Posted 6/10/2012 2:39 PM (GMT -5)
This morning brought with it a bright and sunny day, the first such morning since last Monday. The mornings in between have been overcast and rainy. Monday was the day Lynn passed away and yesterday was the day that we laid her to rest.
Mornings have usually been where I was able to selfishly steal a little “me” time. I would make my coffee, take it outside, pick up my newspaper and spend a little quiet time of stolen enjoyment.
I say stolen and selfish because this was time I spent on me since Lynn usually would still be sleeping and not yet require my assistance.
I had just gotten settled in when my phone rang. I did not realize that I had out of habit taken the phone with me. This habit was born out of always having it near so that Lynn could call me on the intercom to let me know she was awake or needed me.
It startled me and my heart jumped. But it was Cajun Jeff calling to say goodbye. He and Pat were on their way to take Dallas ( ClearwaterCowboy) and Jeannie to the airport for their return home. Terry (WaterGuy) had left last evening to return to his home.
I was greeted by Jeff’s cheerful “good morning brother”. The phone was passed around in their car so that I could say my goodbyes with everyone. What a glorious feeling I had enjoyed this week having my friends near by. We had shared dinners and laughs and tears this week and I was constantly buoyed and lifted by the support of my friends. These fine folks had represented the absolute best of the love and support of all the folks here on HW. Healingwell and GFMPH could not have handpicked greater ambassadors to personally bring their message of love to me.
The call brought with it a flood of emotions. I struggled for a while with thinking about my daily mantra of “Every Day is A Bonus”. Would today really turn out to be a ”bonus day”? Could today really be a bonus?

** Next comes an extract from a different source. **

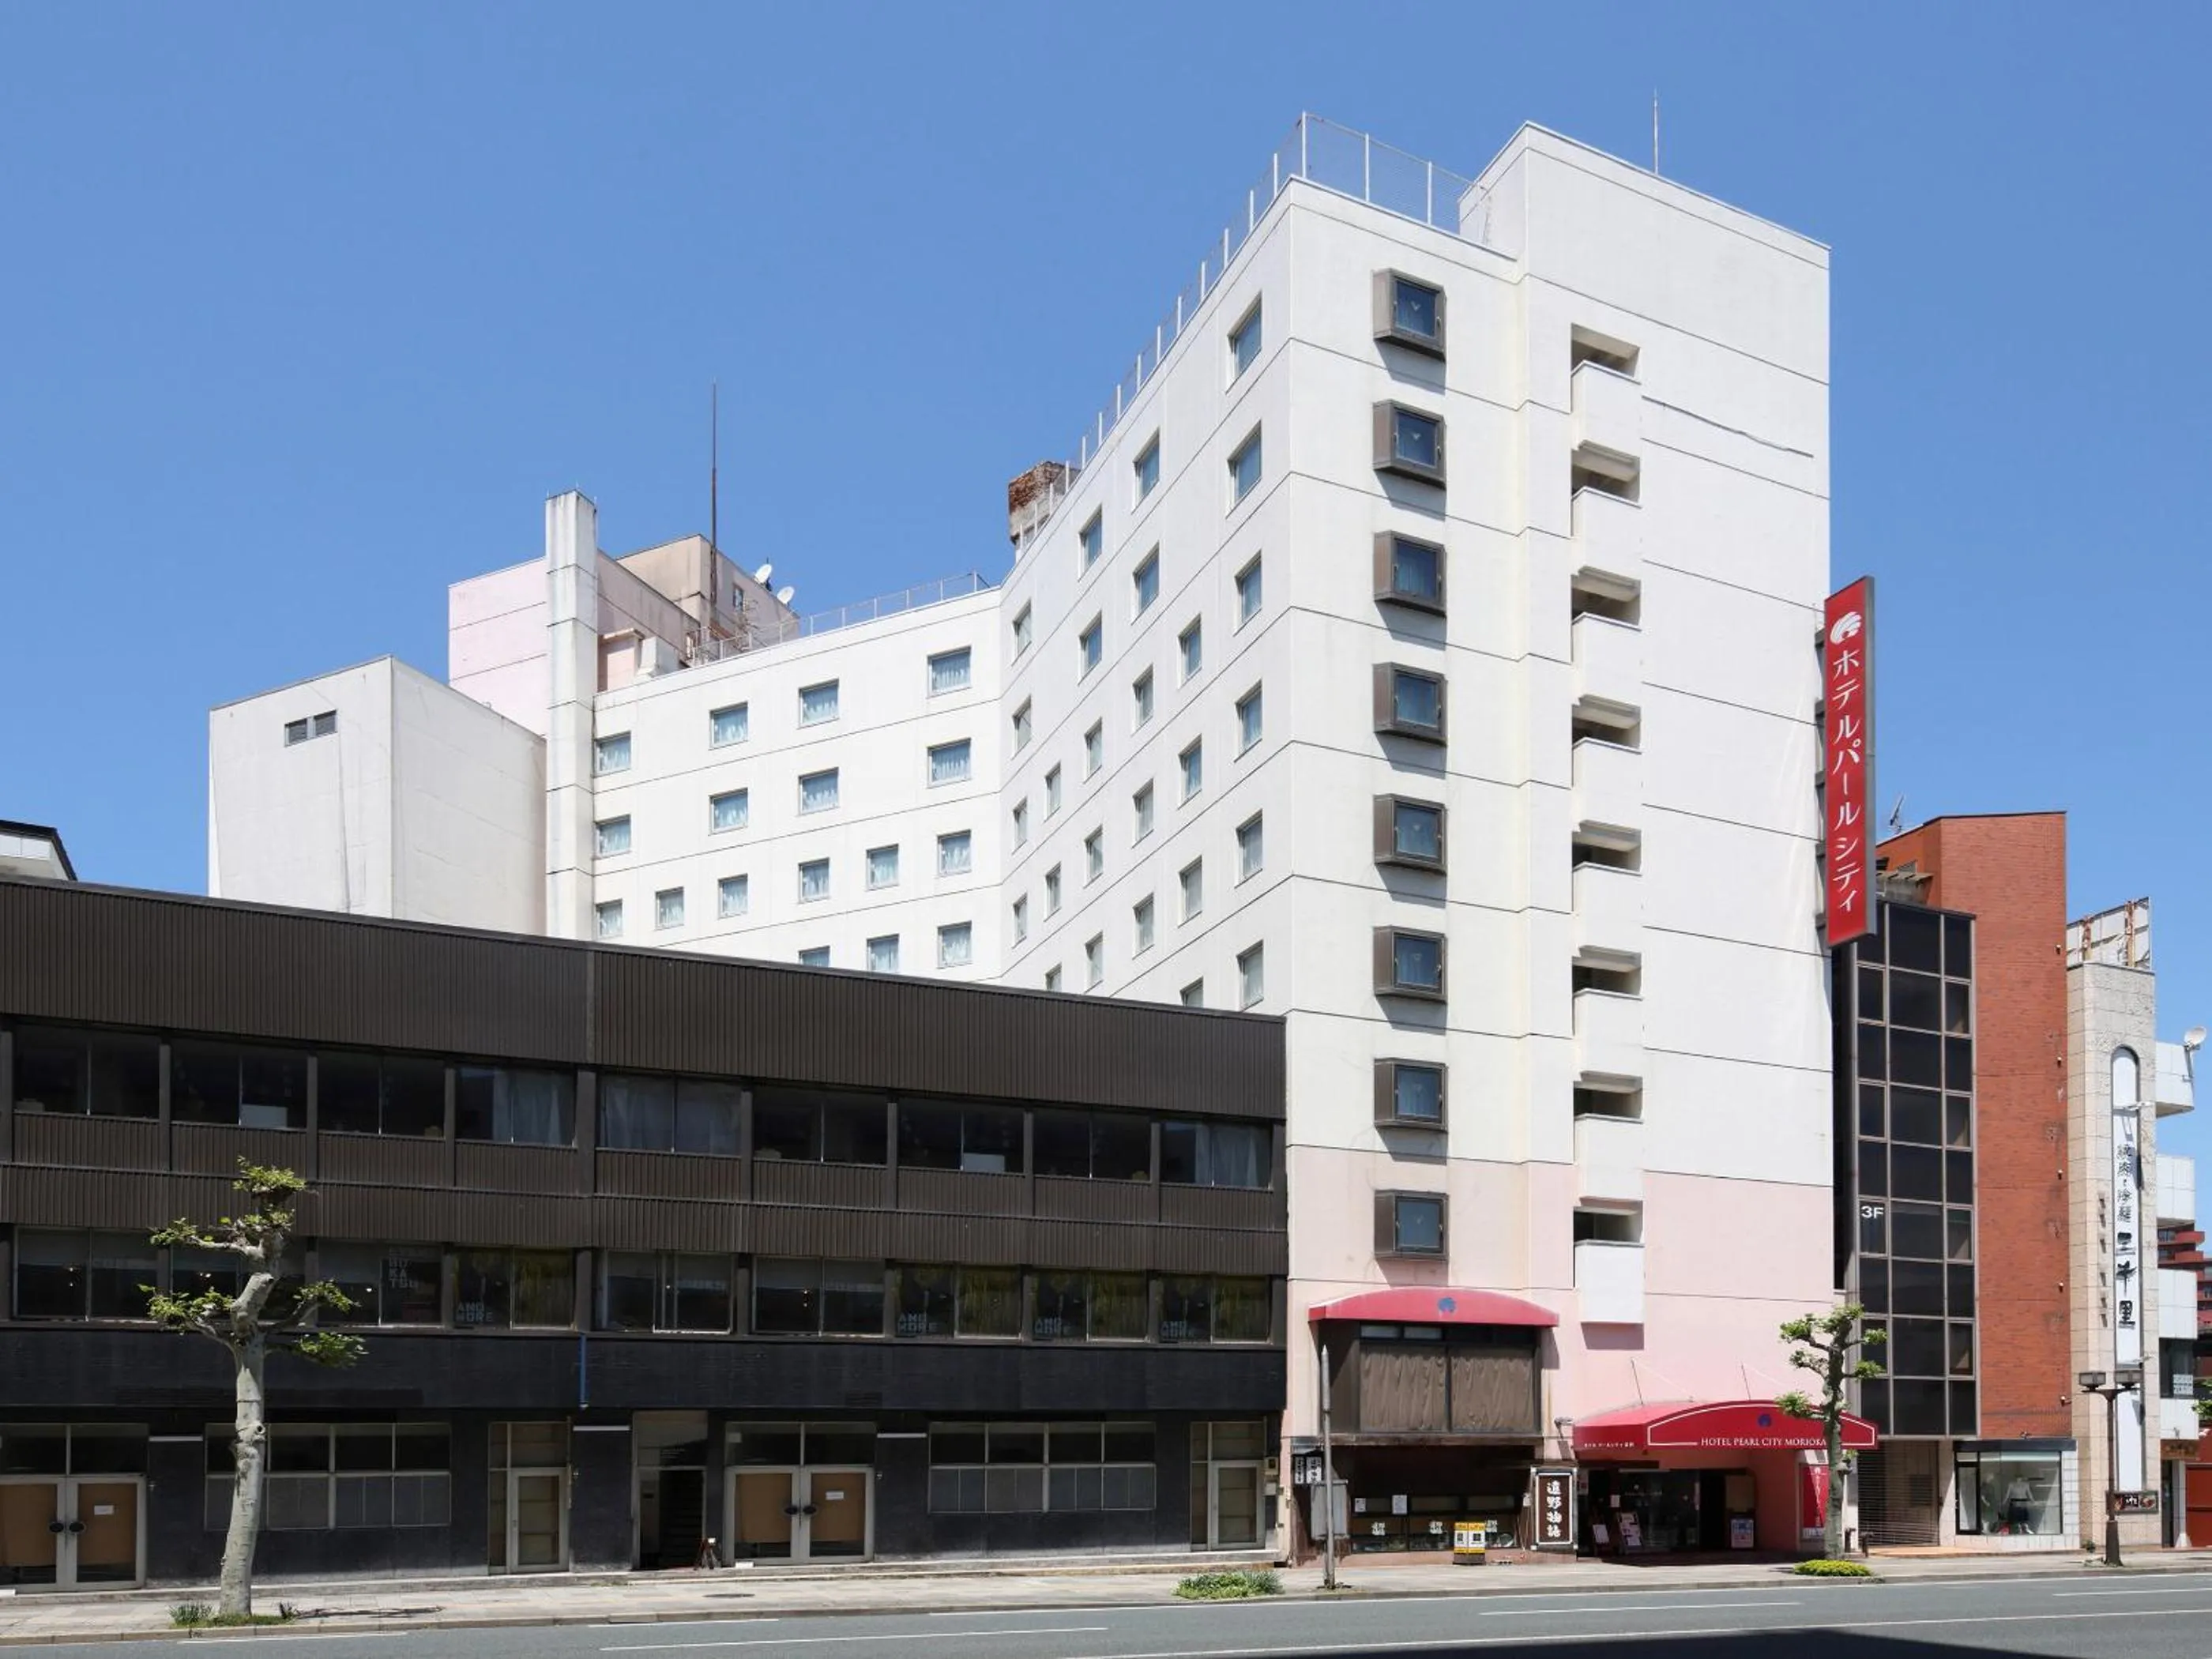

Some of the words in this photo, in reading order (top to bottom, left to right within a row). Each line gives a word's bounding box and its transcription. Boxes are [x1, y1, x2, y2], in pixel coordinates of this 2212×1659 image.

Today is the beginning of the next chapter of my life. What will it bring? Where will it go? How will I get there? Uncertainty, doubt, fear, trepidation and many other emotions wash over me like a giant tidal wave.
I remember the call from my doctor nearly three years ago, telling me I had PCa. I remember telling him to “lighten up”. My wife was in the hospital in ICU and I didn’t have time for cancer. And I have only stolen brief periods of time to deal with it since that day.
Now suddenly, I have time for my own cancer and that thought scares the absolute hell out me.
But I also think about what my cancer has brought to my life. It brought a more concentrated effort to find the love and enjoyment of experiencing every single day.
It also brought with it a gift that was so totally unexpected and is still amazing to me.
I have expressed to some of my new found friends from HW, that I had discovered that there were “holes” in my soul and life that I never knew were there. I only discovered that these holes of emptiness existed when they began to be filled by the lifetime friends that I started to gather through my finding HW.
So the next chapter of my life begins today. I have no idea at all where it will go, but I know that I will have help along the way.
I have the support of Lynn’s extremely loving and caring family that I know I will always be a part of my life. And the absolute wealth of friends I have found because of my cancer and my willingness to open the lives of myself and Lynn to you all.
I have read all of the wonderful posts of support from each of you throughout this last week. I have read them over and over. I have printed them out and placed them in a protected binder that I will call upon in coming days when feelings of loss begin to wash over me. And they will bring me comfort.
Thank you my friends for being here with me throughout this time. Thank you for the support that you give to all who follow us here to HW. Those who find us because their lives have been turned upside down with this crappy thing called PCa.
The wealth of knowledge about things PCa that is found here is unmatched anywhere on the internet.
But the tremendous and overwhelming levels of love and support found here are far greater.
Thank you my friends for being here for me and Lynn. I know that this deep well of love and support is one that I will draw from often in the coming days and I thank you for its never ending supply.
And yes, I have just answered my own question today by writing this. “Every Day is Still A Bonus”, you only have to open your eyes and find it.
(I have asked moderator 142 to lock this thread. I am doing this because I know you care, but we have had enough of sadness this week and your responses will only bring it back to the surface for each of you. He will bump it to the top for a few days so that no one will miss it and then let it pass on so that we can all get back to where we all need to be; Living each day fully, being here for all who need us and drawing what we need from the “Well” of HW.)